● **DATA FOR PROCESSING**:
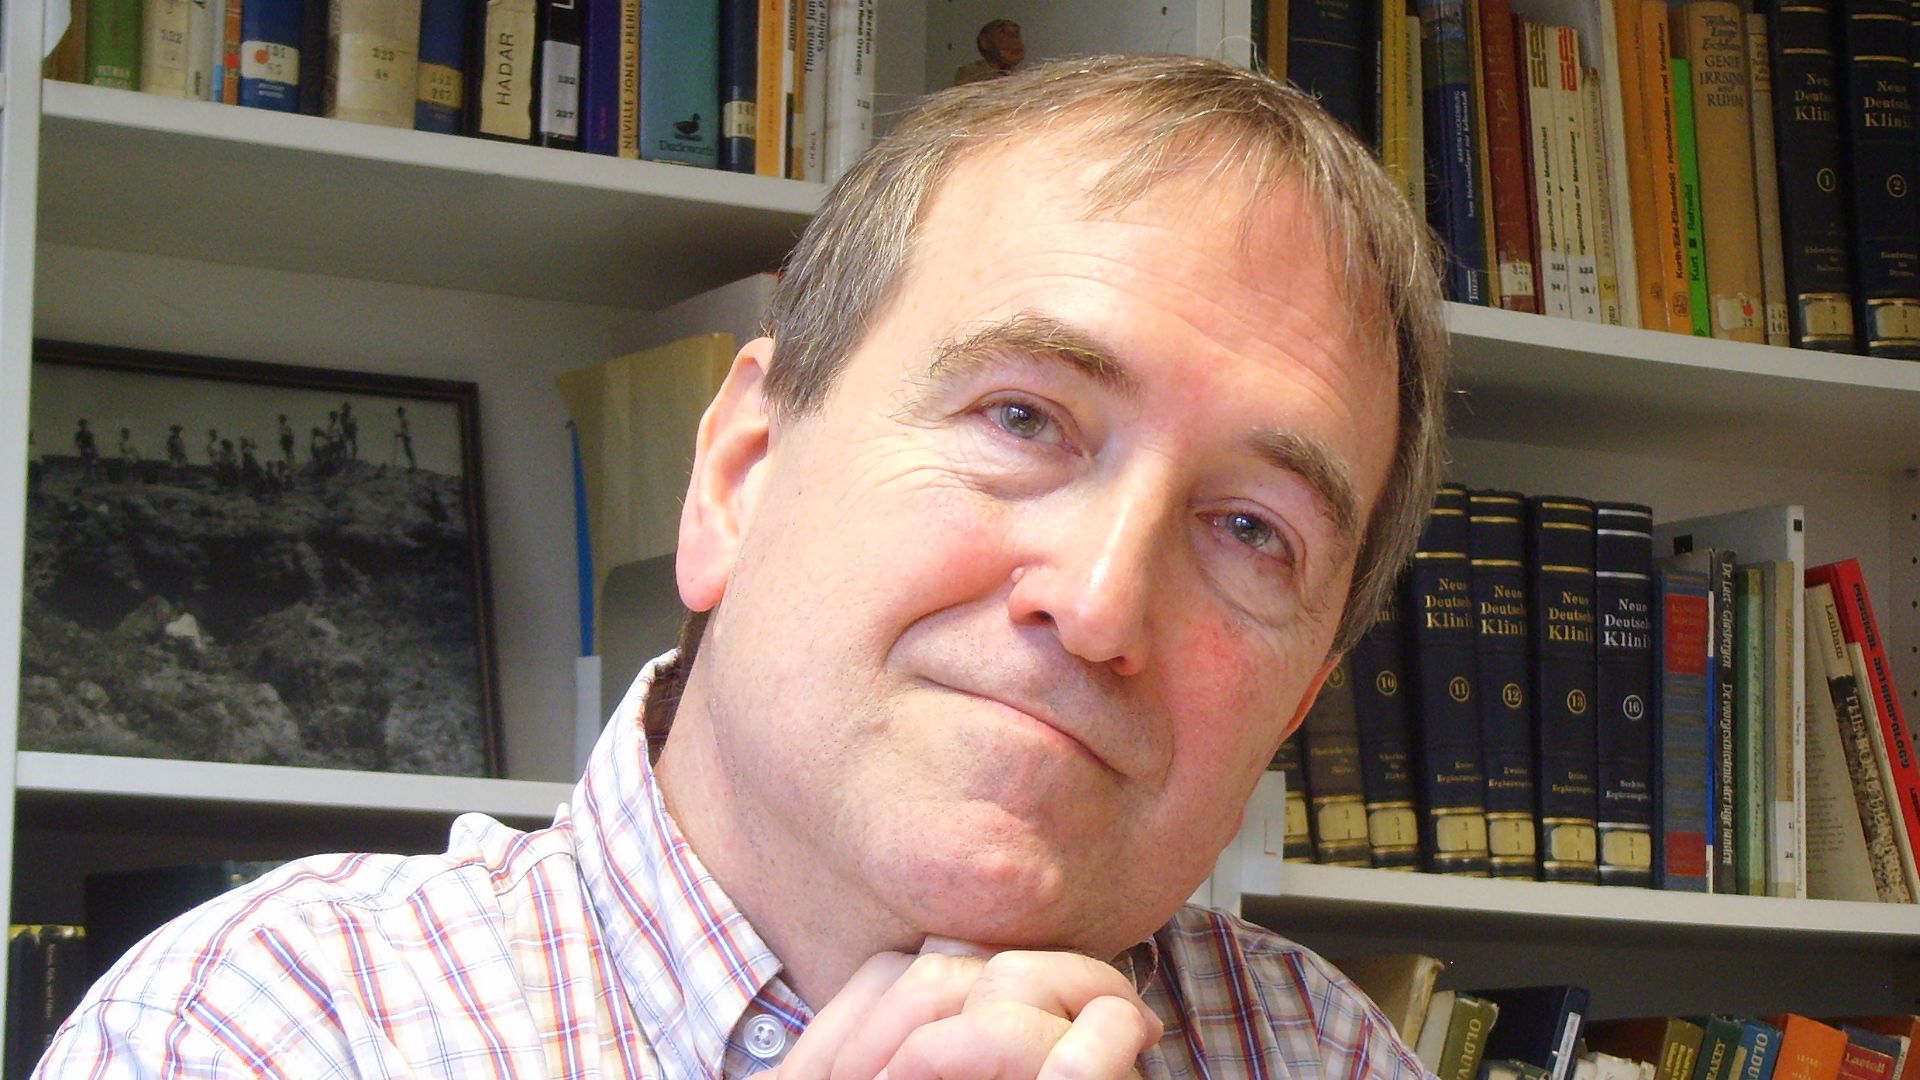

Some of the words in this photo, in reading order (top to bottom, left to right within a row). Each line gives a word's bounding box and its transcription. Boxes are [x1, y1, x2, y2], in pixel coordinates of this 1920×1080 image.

[804, 25, 816, 72] Thomas
[817, 12, 826, 52] Sabine
[1658, 22, 1668, 71] Verhalten
[496, 32, 515, 106] HADAR
[1660, 74, 1669, 94] und
[623, 99, 634, 150] NEVILLE
[1547, 199, 1558, 252] rgeschichte
[1575, 202, 1586, 255] rgeschichte
[1690, 256, 1700, 281] Kurt
[1721, 562, 1733, 577] De
[1720, 609, 1733, 668] Glasbergen
[1825, 603, 1843, 660] Lanham
[1722, 683, 1734, 698] De
[1457, 1018, 1482, 1080] OLDUV

● **TASK GOAL**: An exact, image-free transcription of all the records above is needed.

● **THE ANSWER**:
Some of the words in this photo, in reading order (top to bottom, left to right within a row). Each line gives a word's bounding box and its transcription. Boxes are [x1, y1, x2, y2], in pixel coordinates of this 1920×1080 image.

[804, 25, 816, 72] Thomas
[817, 12, 826, 52] Sabine
[1658, 22, 1668, 71] Verhalten
[496, 32, 515, 106] HADAR
[1660, 74, 1669, 94] und
[623, 99, 634, 150] NEVILLE
[1547, 199, 1558, 252] rgeschichte
[1575, 202, 1586, 255] rgeschichte
[1690, 256, 1700, 281] Kurt
[1721, 562, 1733, 577] De
[1720, 609, 1733, 668] Glasbergen
[1825, 603, 1843, 660] Lanham
[1722, 683, 1734, 698] De
[1457, 1018, 1482, 1080] OLDUV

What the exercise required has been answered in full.